Would you please output all the records exactly as given? Pictures should not appear in the copy.

**** Source data ****

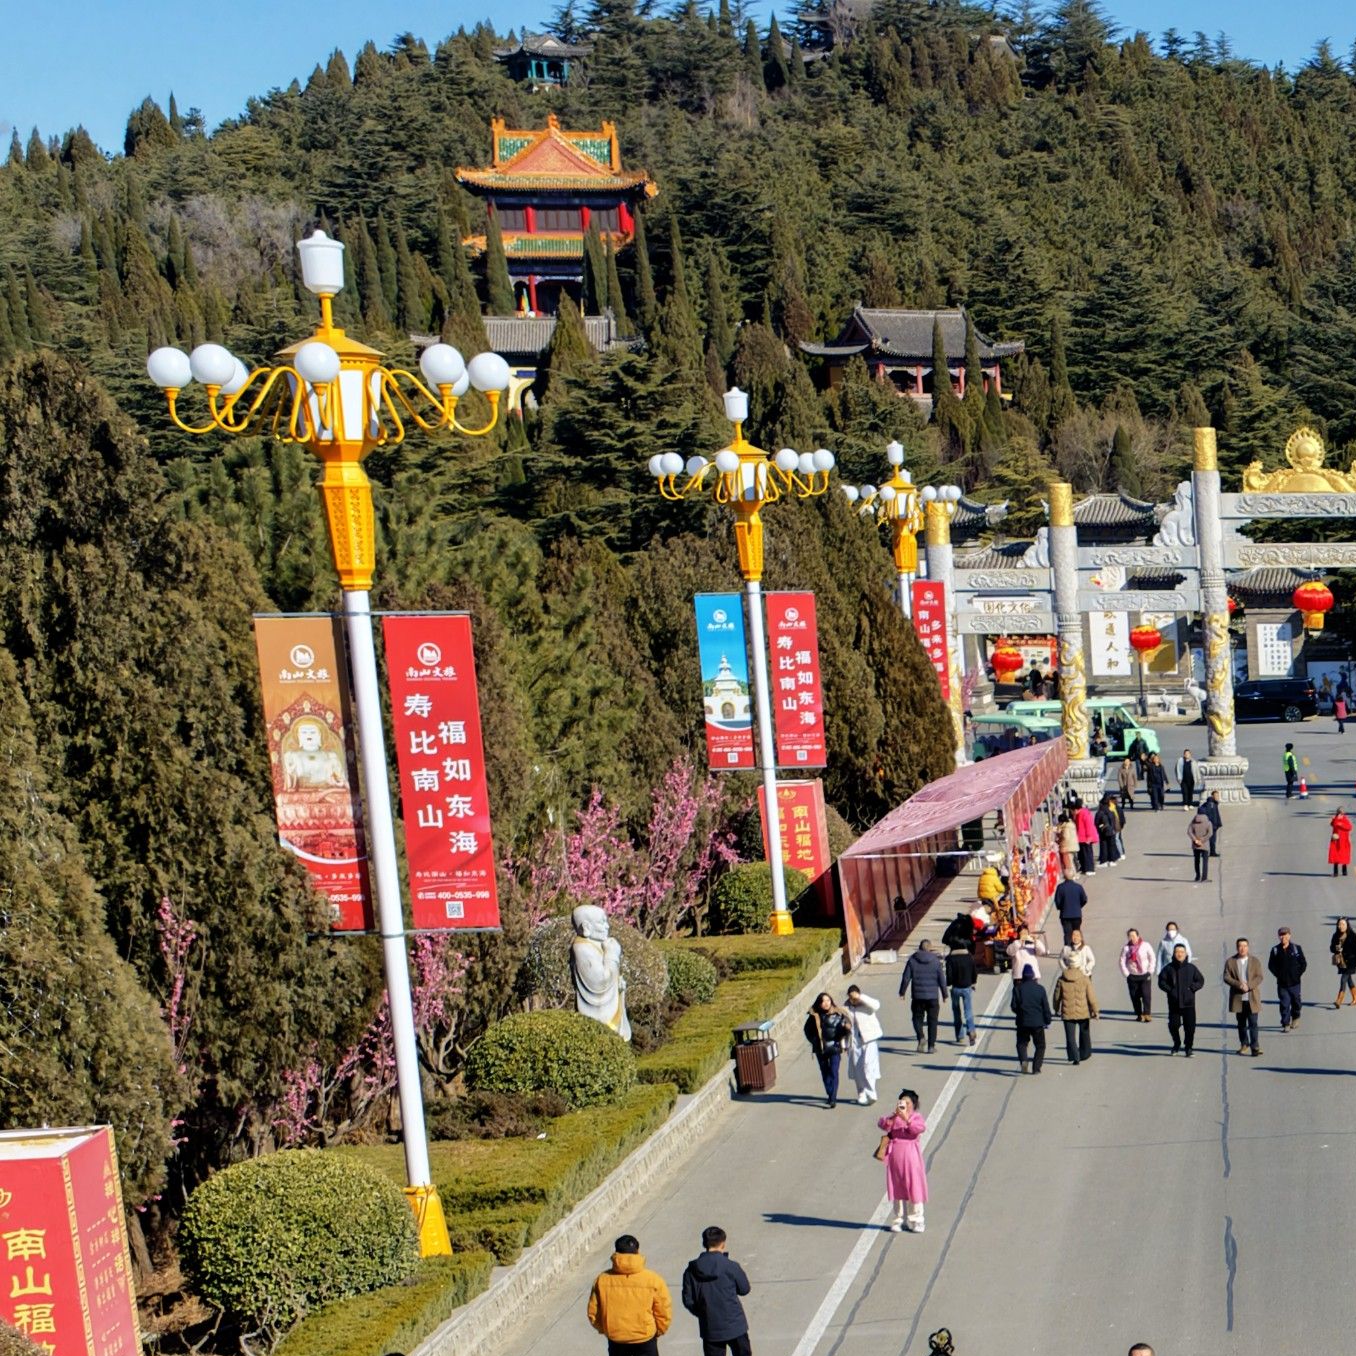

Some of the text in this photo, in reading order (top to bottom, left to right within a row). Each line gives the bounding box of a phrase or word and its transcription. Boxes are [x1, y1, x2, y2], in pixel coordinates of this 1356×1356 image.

[776, 636, 798, 711] 寿比南山
[795, 650, 817, 726] 福如东海
[404, 693, 443, 829] 寿比南山
[438, 721, 478, 855] 福如东海

****

| Reply |
Some of the text in this photo, in reading order (top to bottom, left to right within a row). Each line gives the bounding box of a phrase or word and its transcription. Boxes are [x1, y1, x2, y2], in pixel coordinates of this 1356×1356 image.

[776, 636, 798, 711] 寿比南山
[795, 650, 817, 726] 福如东海
[404, 693, 443, 829] 寿比南山
[438, 721, 478, 855] 福如东海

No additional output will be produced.